Ternary version of List.zipWith.

Equations

• List.zipWith3 f (x_3 :: xs) (y :: ys) (z :: zs) = f x_3 y z :: List.zipWith3 f xs ys zs
• List.zipWith3 f x✝² x✝¹ x✝ = []

def List.zipWith4 {α : Type u_1} {β : Type u_2} {γ : Type u_3} {δ : Type u_4} {ε : Type u_5} (f : α → β → γ → δ → ε) : List α → List β → List γ → List δ → List ε

Quaternary version of list.zipWith.

Equations

• List.zipWith4 f (x_4 :: xs) (y :: ys) (z :: zs) (u :: us) = f x_4 y z u :: List.zipWith4 f xs ys zs us
• List.zipWith4 f x✝³ x✝² x✝¹ x✝ = []

def List.zipWith5 {α : Type u_1} {β : Type u_2} {γ : Type u_3} {δ : Type u_4} {ε : Type u_5} {ζ : Type u_6} (f : α → β → γ → δ → ε → ζ) : List α → List β → List γ → List δ → List ε → List ζ

Quinary version of list.zipWith.

Equations

• List.zipWith5 f (x_5 :: xs) (y :: ys) (z :: zs) (u :: us) (v :: vs) = f x_5 y z u v :: List.zipWith5 f xs ys zs us vs
• List.zipWith5 f x✝⁴ x✝³ x✝² x✝¹ x✝ = []
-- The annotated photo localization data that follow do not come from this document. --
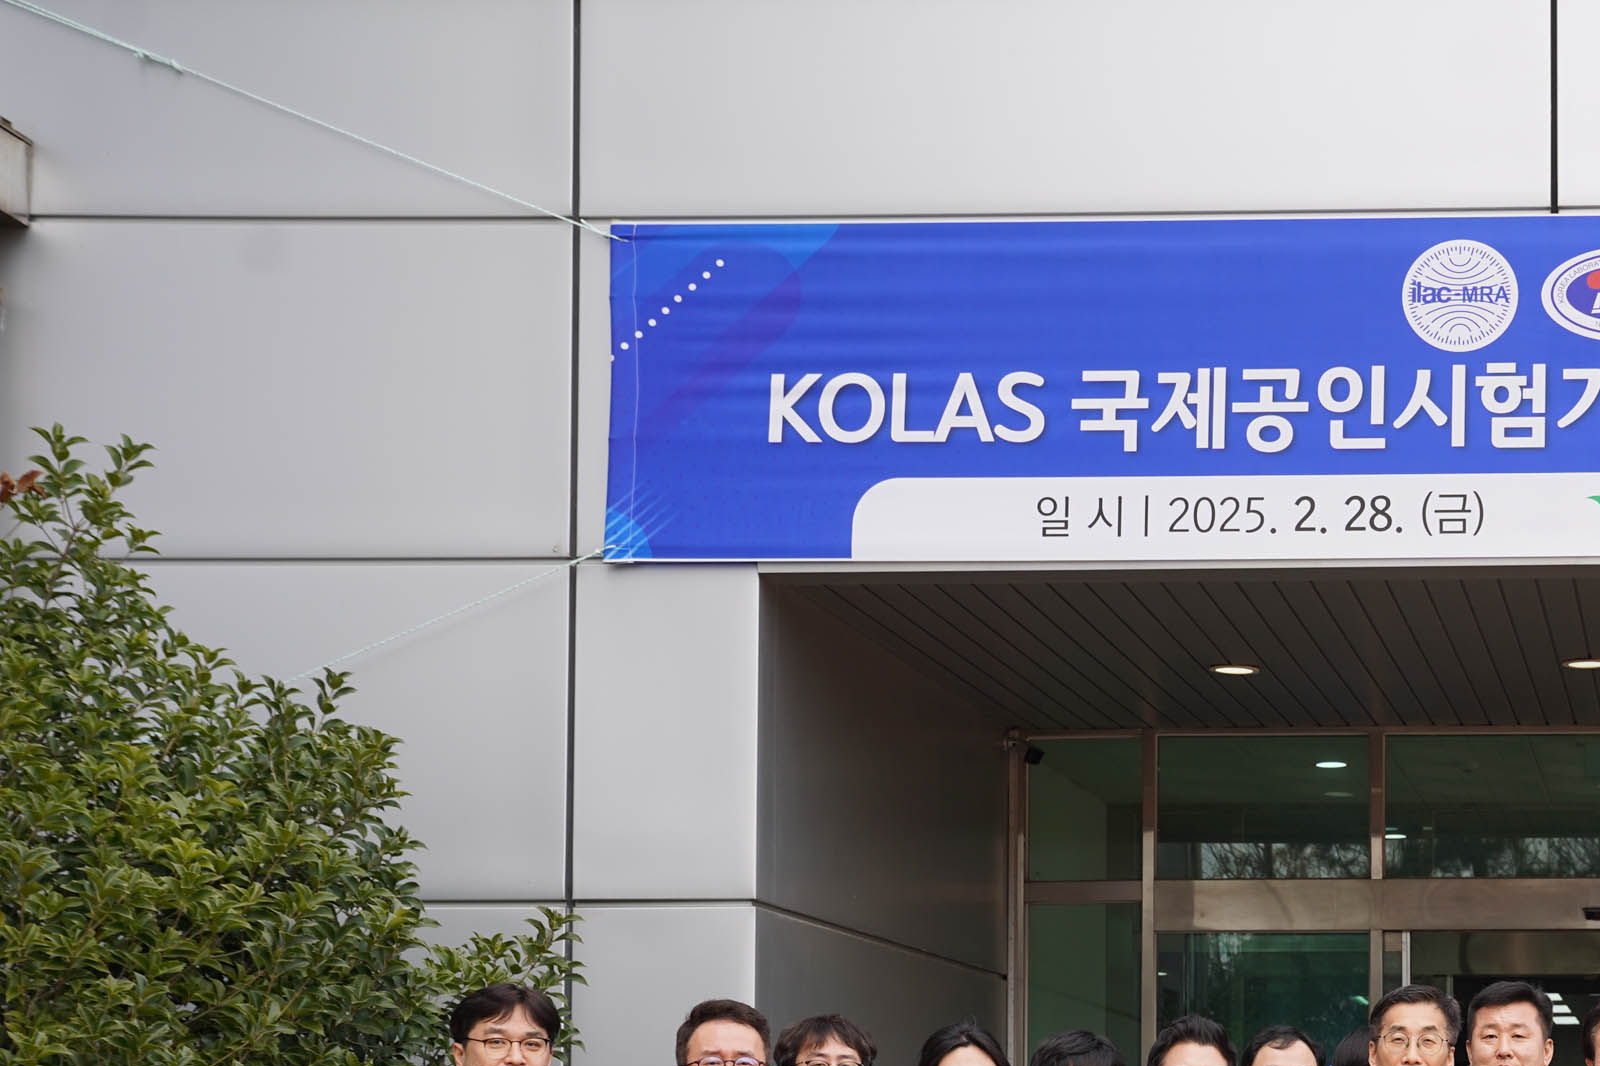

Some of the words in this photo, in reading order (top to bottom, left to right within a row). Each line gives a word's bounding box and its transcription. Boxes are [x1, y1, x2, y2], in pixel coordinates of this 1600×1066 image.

[1410, 281, 1509, 303] ilac-MRA
[768, 372, 1046, 444] KOLAS
[1036, 497, 1070, 537] 일
[1087, 496, 1124, 537] 시
[1168, 496, 1278, 535] 2025.
[1293, 496, 1329, 534] 2.
[1344, 495, 1403, 534] 28.
[1421, 489, 1484, 537] (금)
def List.replaceIf {α : Type u_1} : List α → List Bool → List α → List α

Given a starting list old, a list of Booleans and a replacement list new, read the items in old in succession and either replace them with the next element of new or not, according as to whether the corresponding Boolean is true or false.

Equations

• x✝¹.replaceIf x✝ [] = x✝¹
• [].replaceIf x✝¹ x✝ = []
• x✝¹.replaceIf [] x✝ = x✝¹
• (n :: ns).replaceIf (tf :: bs) (c :: cs) = if tf = true then c :: ns.replaceIf bs cs else n :: ns.replaceIf bs (c :: cs)

def List.iterate {α : Type u_1} (f : α → α) (a : α) (n : ℕ) : List α

iterate f a n is [a, f a, ..., f^[n - 1] a].

Equations

• List.iterate f a 0 = []
• List.iterate f a n.succ = a :: List.iterate f (f a) n

@[inline]

def List.iterateTR {α : Type u_1} (f : α → α) (a : α) (n : ℕ) : List α

Tail-recursive version of List.iterate.

Equations

• List.iterateTR f a n = List.iterateTR.loop f a n []

@[specialize #[]]

def List.iterateTR.loop {α : Type u_1} (f : α → α) (a : α) (n : ℕ) (l : List α) : List α

iterateTR.loop f a n l := iterate f a n ++ reverse l.

Equations

• List.iterateTR.loop f a 0 l = l.reverse
• List.iterateTR.loop f a n_1.succ l = List.iterateTR.loop f (f a) n_1 (a :: l)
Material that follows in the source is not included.